Super Bowl £85m Jesus advert is getting a lot of attention
One of the adverts that ran during the Super Bowl, the annual US football final playoff game, showed scenes of violence and disorder before the words ‘Jesus loved the people we hate’ popped up on the screen.
The campaign known as “He Gets Us” has appeared online and takes over billboards and airwaves across the United States with the goal of presenting Jesus in a new light to Millennials and Gen Z.
A Christian group is funding this project with a war chest of over $100 million (about £85 million) to promote Jesus Christ and the values they believe He held.
One would have expected a Super Bowl advert to plug things like a fizzy drinks, sports shoes and fashion lines, but the most talked about commercial of the day after the big game was selling Jesus.
The “He Gets Us” campaign is run by the Servant Foundation, a non-profit organisation based in Kansas, which is also known as The Signatry.

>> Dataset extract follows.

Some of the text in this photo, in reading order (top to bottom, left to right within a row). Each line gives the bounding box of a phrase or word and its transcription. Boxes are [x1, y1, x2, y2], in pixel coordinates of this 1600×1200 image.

According to their website, their funding comes from various sources: “Most of the people driving He Gets Us, including our donors, choose to remain anonymous because the story isn’t about them, and they don’t want the credit.”

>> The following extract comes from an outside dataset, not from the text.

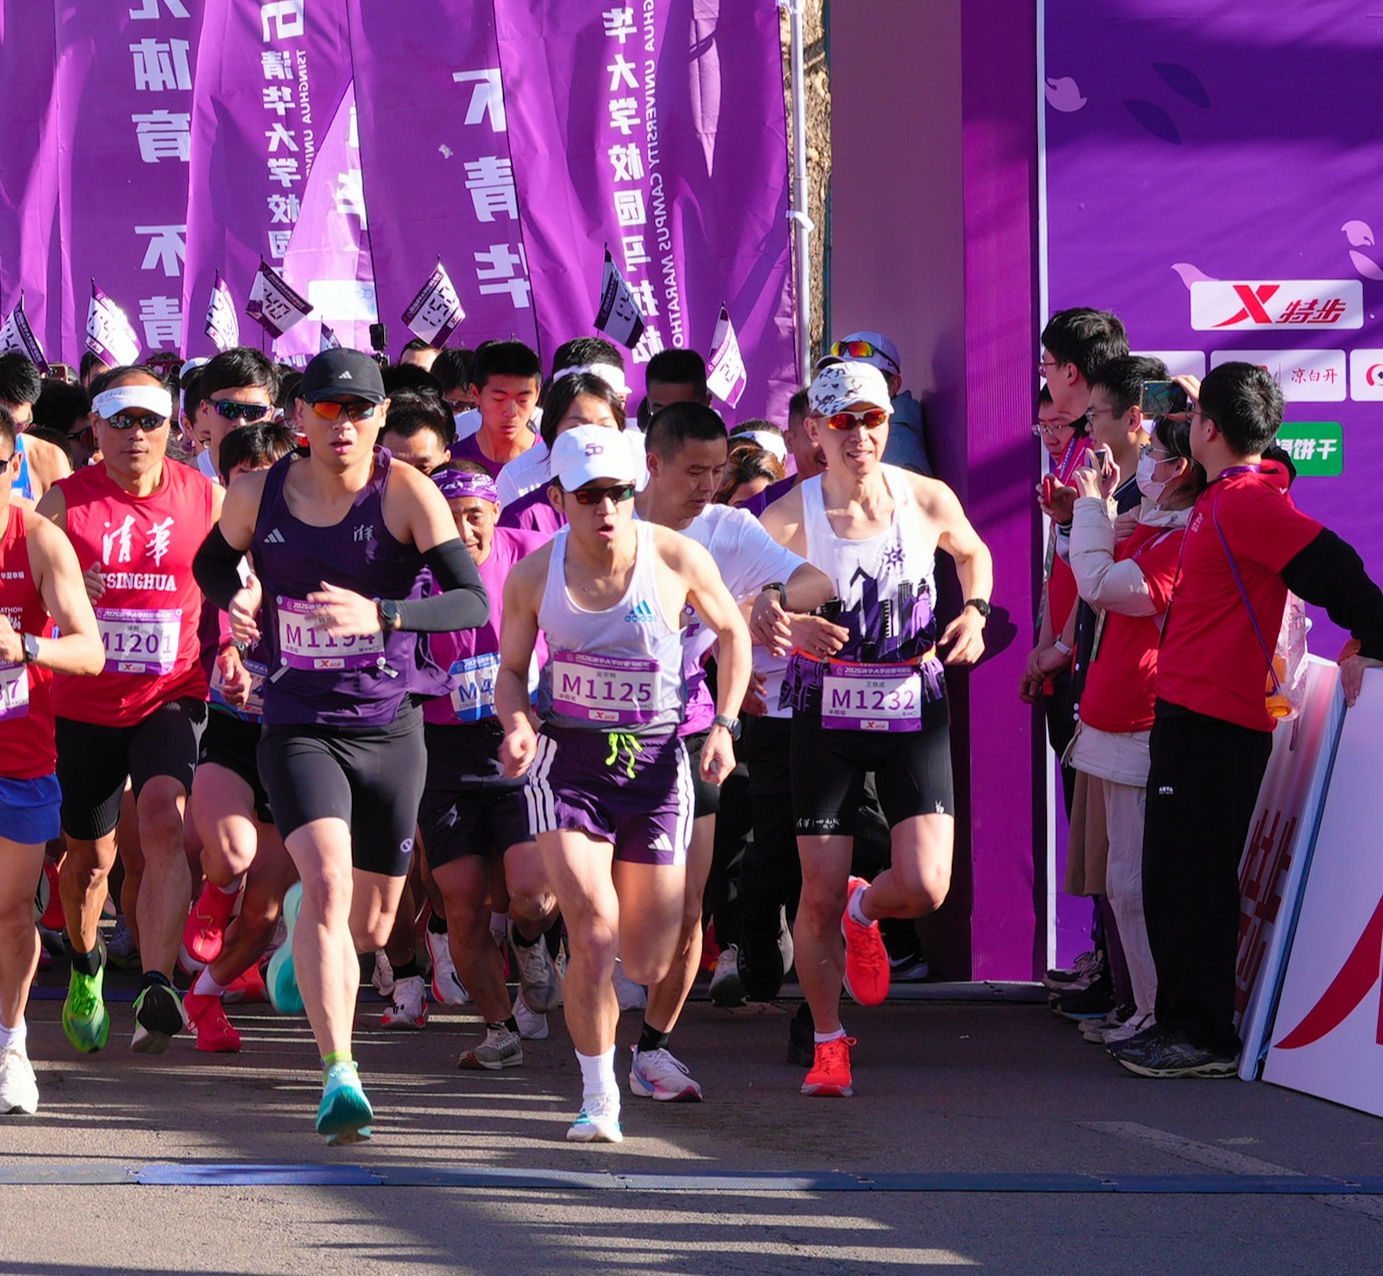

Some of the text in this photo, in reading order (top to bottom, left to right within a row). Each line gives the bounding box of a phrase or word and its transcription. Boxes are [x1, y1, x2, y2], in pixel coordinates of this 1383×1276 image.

[625, 613, 658, 624] adidas
[562, 672, 652, 701] M1125
[831, 688, 915, 711] M1232

Although, David Green, the billionaire founder of arts and crafts chain store Hobby Lobby, confirmed in November that he was one of the main donors of the $100 Million in the campaign’s fund.
The “He Gets Us” organisation is proud to point out that their latest campaign was successful in attracting attention, citing two marketing firms which rated the campaign among the most talked about Super Bowl ads online. This is confirmed by Google data, which showed a big spike in searches for the campaign during the game.
“A lot of times, the perception is that Christianity is kind of working against people,” according to Jason Vanderground, the campaign spokesperson. He said, “We wanted to help them see that in Jesus, there was someone who had a lot of common experiences just like they did.”
Vanderground explained that the “He Gets Us” campaign has two main goals: “Increase the respect and personal relevancy of Jesus,” and “encourage Christians to follow the example of Jesus in how they treat other people.”
The push to promote Jesus with a slick marketing campaign comes amid a trend of negative opinions surrounding religion, including Christianity, especially in the United States and Europe. However, Christianity is growing and becoming more popular in Africa and Asia.